- Film poster
- Directed by: Olga Stolpovskaja Dmitry Troitsky
- Written by: Olga Stolpovskaja Alisa Tanskaya Dmitry Troitsky
- Produced by: Olga Stolpovskaja Dmitry Troitsky
- Starring: Damir Badmaev Lyubov Tolkalina Yevgeny Koryakovsky
- Cinematography: Aleksandr Simonov
- Edited by: Sergei Plyushchenko Oleg Rayevsky
- Distributed by: Picture This! Entertainment (USA)
- Release date: 20 April 2004;
- Running time: 86 minutes
- Country: Russia
- Language: Russian

= You I Love =

2004 film by Dmitry Troitsky

You I Love (Я люблю тебя) is a 2004 Russian comedy melodrama directed by Olga Stolpovskaja and Dmitry Troitsky.
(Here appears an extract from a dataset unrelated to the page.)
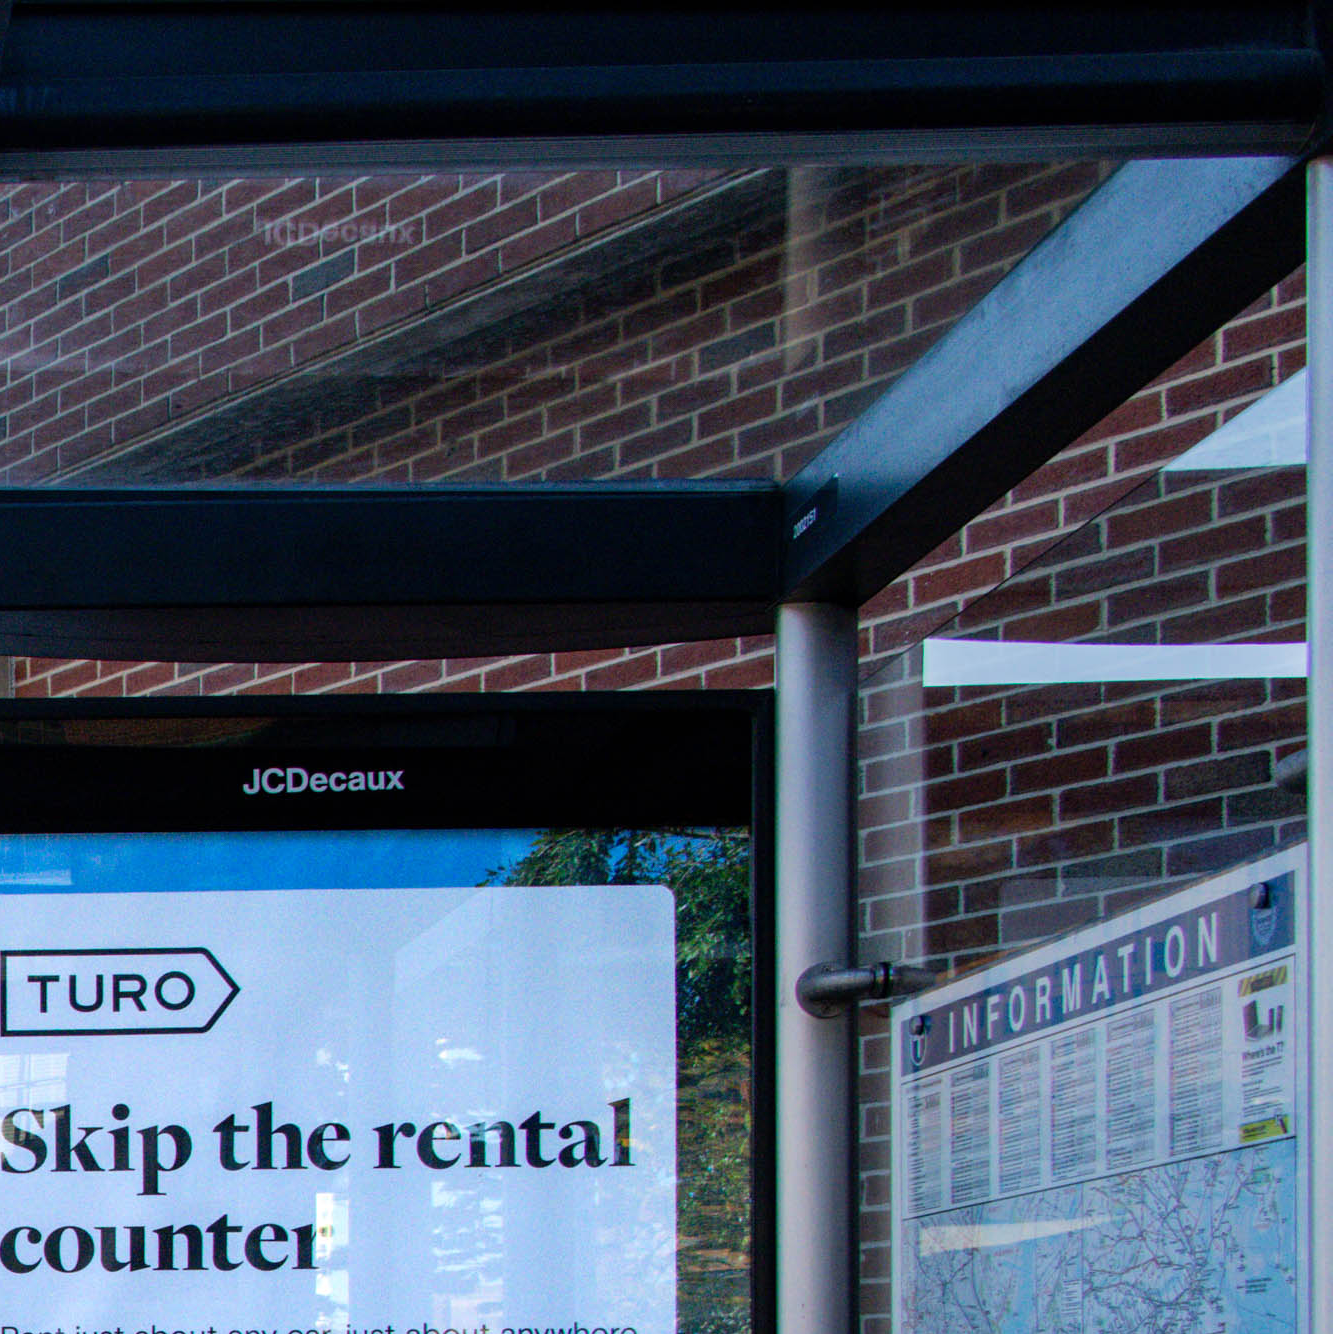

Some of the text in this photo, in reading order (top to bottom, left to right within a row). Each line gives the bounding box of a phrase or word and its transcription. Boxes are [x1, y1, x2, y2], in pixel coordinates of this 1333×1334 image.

It was the first ever film to come from Russia on the subject of homosexuality or bisexuality.

==Cast==
- Damir Badmaev as Ulyumdzhi
- Lyubov Tolkalina as Vera Kirillova
- Yevgeny Koryakovsky as Timofey
- Nina Agapova as Timofey's neighbor
- Emanuel Michael Waganda as John

== Reception ==
On Rotten Tomatoes, the film has an aggregated score of 38% based on 12 positive and 20 negative critic reviews. The website’s consensus reads: "A clumsy, overly stylized would-be satire."